# [Exercise aim]
Exactly as given, restate each record that follows.
Top of The data
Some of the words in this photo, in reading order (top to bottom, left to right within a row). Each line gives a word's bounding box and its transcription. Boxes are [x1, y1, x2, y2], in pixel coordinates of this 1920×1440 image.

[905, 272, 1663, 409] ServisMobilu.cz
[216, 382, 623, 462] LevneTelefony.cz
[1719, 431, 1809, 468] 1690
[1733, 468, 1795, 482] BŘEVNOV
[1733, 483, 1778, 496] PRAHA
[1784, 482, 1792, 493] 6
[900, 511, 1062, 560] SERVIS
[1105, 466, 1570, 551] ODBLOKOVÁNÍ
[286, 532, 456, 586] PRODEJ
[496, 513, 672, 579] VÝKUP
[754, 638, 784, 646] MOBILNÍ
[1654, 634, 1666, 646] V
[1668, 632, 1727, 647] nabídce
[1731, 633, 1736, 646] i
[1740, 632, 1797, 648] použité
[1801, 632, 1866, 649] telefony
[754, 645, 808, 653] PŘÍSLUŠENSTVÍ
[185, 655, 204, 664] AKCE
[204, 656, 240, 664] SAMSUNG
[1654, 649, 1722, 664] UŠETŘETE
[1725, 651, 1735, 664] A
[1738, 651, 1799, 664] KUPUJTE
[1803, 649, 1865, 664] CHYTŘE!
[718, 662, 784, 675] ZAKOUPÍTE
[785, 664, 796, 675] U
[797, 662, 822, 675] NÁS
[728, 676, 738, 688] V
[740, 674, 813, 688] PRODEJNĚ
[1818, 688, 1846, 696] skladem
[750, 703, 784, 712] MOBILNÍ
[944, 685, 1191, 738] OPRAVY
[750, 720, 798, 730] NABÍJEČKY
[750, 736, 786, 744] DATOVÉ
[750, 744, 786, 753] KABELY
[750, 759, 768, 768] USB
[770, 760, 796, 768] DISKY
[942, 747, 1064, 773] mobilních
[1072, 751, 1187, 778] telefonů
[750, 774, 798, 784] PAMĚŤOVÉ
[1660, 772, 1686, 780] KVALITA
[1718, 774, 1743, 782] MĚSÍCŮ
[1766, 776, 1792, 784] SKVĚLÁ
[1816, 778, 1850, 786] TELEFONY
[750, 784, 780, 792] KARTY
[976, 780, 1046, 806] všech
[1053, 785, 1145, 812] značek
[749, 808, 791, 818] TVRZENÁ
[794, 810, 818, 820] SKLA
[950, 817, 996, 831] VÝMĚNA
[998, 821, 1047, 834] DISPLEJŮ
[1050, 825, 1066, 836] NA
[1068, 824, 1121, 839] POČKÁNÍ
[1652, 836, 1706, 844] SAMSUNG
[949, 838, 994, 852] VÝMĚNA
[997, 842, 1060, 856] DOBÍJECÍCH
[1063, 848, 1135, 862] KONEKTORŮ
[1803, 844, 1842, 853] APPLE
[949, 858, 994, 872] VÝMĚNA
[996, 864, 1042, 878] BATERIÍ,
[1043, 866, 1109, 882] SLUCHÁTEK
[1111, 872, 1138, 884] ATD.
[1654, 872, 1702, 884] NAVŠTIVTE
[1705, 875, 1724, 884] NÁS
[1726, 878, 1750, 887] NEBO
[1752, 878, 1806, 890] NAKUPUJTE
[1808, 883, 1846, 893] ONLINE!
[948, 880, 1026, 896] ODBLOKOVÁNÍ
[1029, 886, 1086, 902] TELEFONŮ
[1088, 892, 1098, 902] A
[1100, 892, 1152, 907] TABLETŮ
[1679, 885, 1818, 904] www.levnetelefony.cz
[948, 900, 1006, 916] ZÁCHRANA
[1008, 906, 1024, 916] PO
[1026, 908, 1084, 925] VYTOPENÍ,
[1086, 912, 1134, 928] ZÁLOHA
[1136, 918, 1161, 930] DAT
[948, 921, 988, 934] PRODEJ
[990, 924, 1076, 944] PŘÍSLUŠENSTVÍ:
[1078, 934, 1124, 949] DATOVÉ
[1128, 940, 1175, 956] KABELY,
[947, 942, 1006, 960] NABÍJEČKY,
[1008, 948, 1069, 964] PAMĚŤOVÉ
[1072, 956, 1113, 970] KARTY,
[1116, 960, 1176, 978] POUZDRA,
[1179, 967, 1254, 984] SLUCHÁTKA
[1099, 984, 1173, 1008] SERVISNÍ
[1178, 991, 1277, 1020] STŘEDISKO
Bottom of The data
# [Task output]
Some of the words in this photo, in reading order (top to bottom, left to right within a row). Each line gives a word's bounding box and its transcription. Boxes are [x1, y1, x2, y2], in pixel coordinates of this 1920×1440 image.

[905, 272, 1663, 409] ServisMobilu.cz
[216, 382, 623, 462] LevneTelefony.cz
[1719, 431, 1809, 468] 1690
[1733, 468, 1795, 482] BŘEVNOV
[1733, 483, 1778, 496] PRAHA
[1784, 482, 1792, 493] 6
[900, 511, 1062, 560] SERVIS
[1105, 466, 1570, 551] ODBLOKOVÁNÍ
[286, 532, 456, 586] PRODEJ
[496, 513, 672, 579] VÝKUP
[754, 638, 784, 646] MOBILNÍ
[1654, 634, 1666, 646] V
[1668, 632, 1727, 647] nabídce
[1731, 633, 1736, 646] i
[1740, 632, 1797, 648] použité
[1801, 632, 1866, 649] telefony
[754, 645, 808, 653] PŘÍSLUŠENSTVÍ
[185, 655, 204, 664] AKCE
[204, 656, 240, 664] SAMSUNG
[1654, 649, 1722, 664] UŠETŘETE
[1725, 651, 1735, 664] A
[1738, 651, 1799, 664] KUPUJTE
[1803, 649, 1865, 664] CHYTŘE!
[718, 662, 784, 675] ZAKOUPÍTE
[785, 664, 796, 675] U
[797, 662, 822, 675] NÁS
[728, 676, 738, 688] V
[740, 674, 813, 688] PRODEJNĚ
[1818, 688, 1846, 696] skladem
[750, 703, 784, 712] MOBILNÍ
[944, 685, 1191, 738] OPRAVY
[750, 720, 798, 730] NABÍJEČKY
[750, 736, 786, 744] DATOVÉ
[750, 744, 786, 753] KABELY
[750, 759, 768, 768] USB
[770, 760, 796, 768] DISKY
[942, 747, 1064, 773] mobilních
[1072, 751, 1187, 778] telefonů
[750, 774, 798, 784] PAMĚŤOVÉ
[1660, 772, 1686, 780] KVALITA
[1718, 774, 1743, 782] MĚSÍCŮ
[1766, 776, 1792, 784] SKVĚLÁ
[1816, 778, 1850, 786] TELEFONY
[750, 784, 780, 792] KARTY
[976, 780, 1046, 806] všech
[1053, 785, 1145, 812] značek
[749, 808, 791, 818] TVRZENÁ
[794, 810, 818, 820] SKLA
[950, 817, 996, 831] VÝMĚNA
[998, 821, 1047, 834] DISPLEJŮ
[1050, 825, 1066, 836] NA
[1068, 824, 1121, 839] POČKÁNÍ
[1652, 836, 1706, 844] SAMSUNG
[949, 838, 994, 852] VÝMĚNA
[997, 842, 1060, 856] DOBÍJECÍCH
[1063, 848, 1135, 862] KONEKTORŮ
[1803, 844, 1842, 853] APPLE
[949, 858, 994, 872] VÝMĚNA
[996, 864, 1042, 878] BATERIÍ,
[1043, 866, 1109, 882] SLUCHÁTEK
[1111, 872, 1138, 884] ATD.
[1654, 872, 1702, 884] NAVŠTIVTE
[1705, 875, 1724, 884] NÁS
[1726, 878, 1750, 887] NEBO
[1752, 878, 1806, 890] NAKUPUJTE
[1808, 883, 1846, 893] ONLINE!
[948, 880, 1026, 896] ODBLOKOVÁNÍ
[1029, 886, 1086, 902] TELEFONŮ
[1088, 892, 1098, 902] A
[1100, 892, 1152, 907] TABLETŮ
[1679, 885, 1818, 904] www.levnetelefony.cz
[948, 900, 1006, 916] ZÁCHRANA
[1008, 906, 1024, 916] PO
[1026, 908, 1084, 925] VYTOPENÍ,
[1086, 912, 1134, 928] ZÁLOHA
[1136, 918, 1161, 930] DAT
[948, 921, 988, 934] PRODEJ
[990, 924, 1076, 944] PŘÍSLUŠENSTVÍ:
[1078, 934, 1124, 949] DATOVÉ
[1128, 940, 1175, 956] KABELY,
[947, 942, 1006, 960] NABÍJEČKY,
[1008, 948, 1069, 964] PAMĚŤOVÉ
[1072, 956, 1113, 970] KARTY,
[1116, 960, 1176, 978] POUZDRA,
[1179, 967, 1254, 984] SLUCHÁTKA
[1099, 984, 1173, 1008] SERVISNÍ
[1178, 991, 1277, 1020] STŘEDISKO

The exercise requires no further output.